Supplied material →
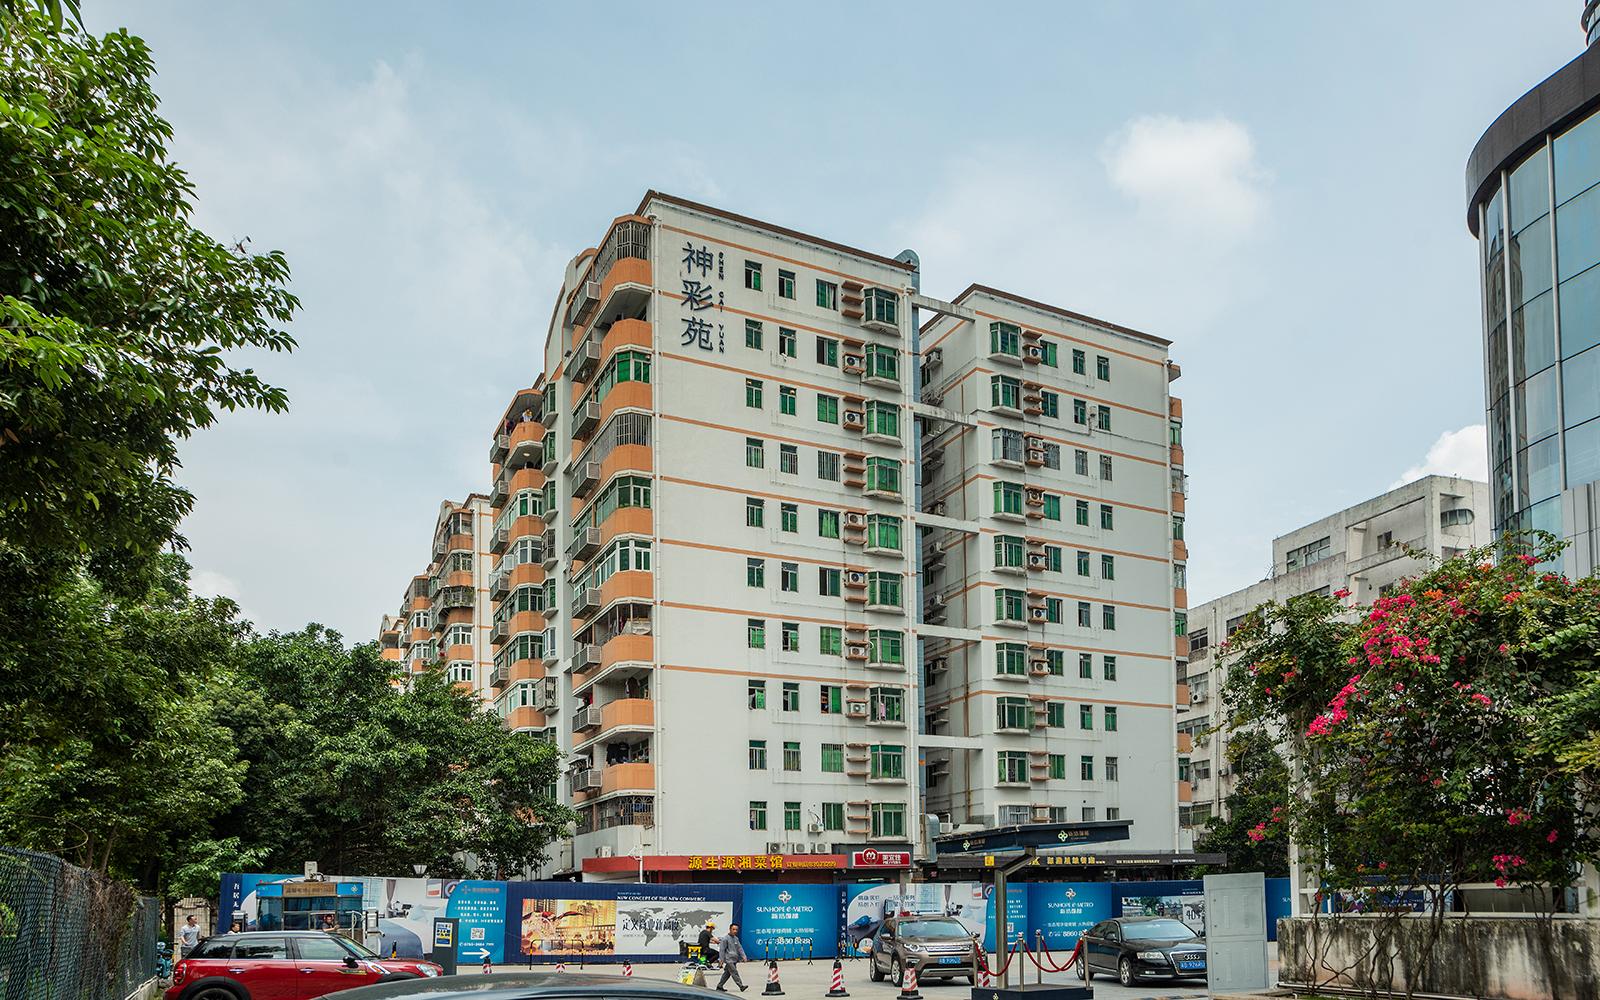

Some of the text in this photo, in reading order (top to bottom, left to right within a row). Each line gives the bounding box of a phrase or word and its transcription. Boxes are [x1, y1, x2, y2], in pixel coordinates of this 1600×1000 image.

[681, 241, 714, 351] 神彩苑
[688, 856, 784, 870] 源生源湘菜馆
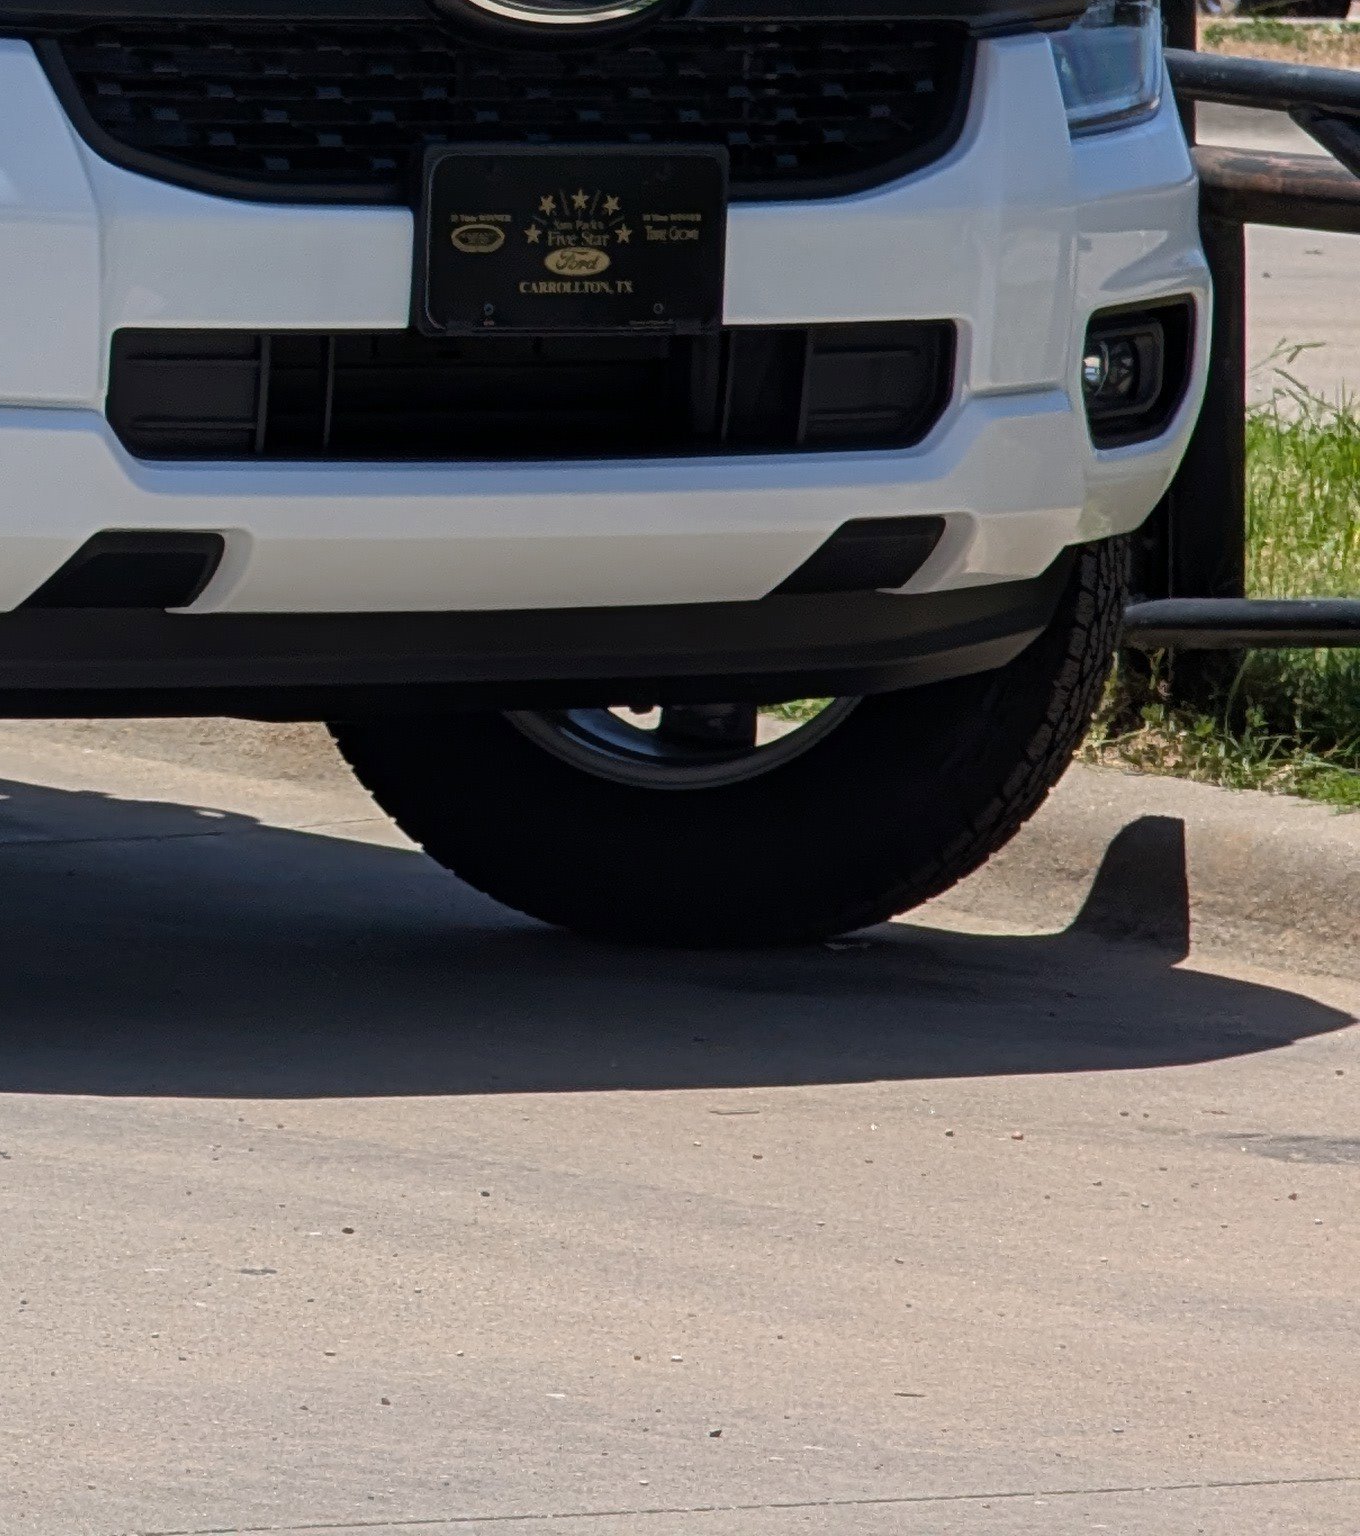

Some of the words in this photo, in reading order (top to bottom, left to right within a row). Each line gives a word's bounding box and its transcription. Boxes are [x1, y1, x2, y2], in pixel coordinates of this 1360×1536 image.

[547, 230, 577, 246] Five
[581, 230, 610, 246] Star
[555, 249, 601, 271] Ford
[616, 279, 635, 294] TX

Problem to work on → The expected result is an exact transcription of the lines from the one containing "Some of the words" through the end of the records above; please include both ends.

Written solution →
Some of the words in this photo, in reading order (top to bottom, left to right within a row). Each line gives a word's bounding box and its transcription. Boxes are [x1, y1, x2, y2], in pixel coordinates of this 1360×1536 image.

[547, 230, 577, 246] Five
[581, 230, 610, 246] Star
[555, 249, 601, 271] Ford
[616, 279, 635, 294] TX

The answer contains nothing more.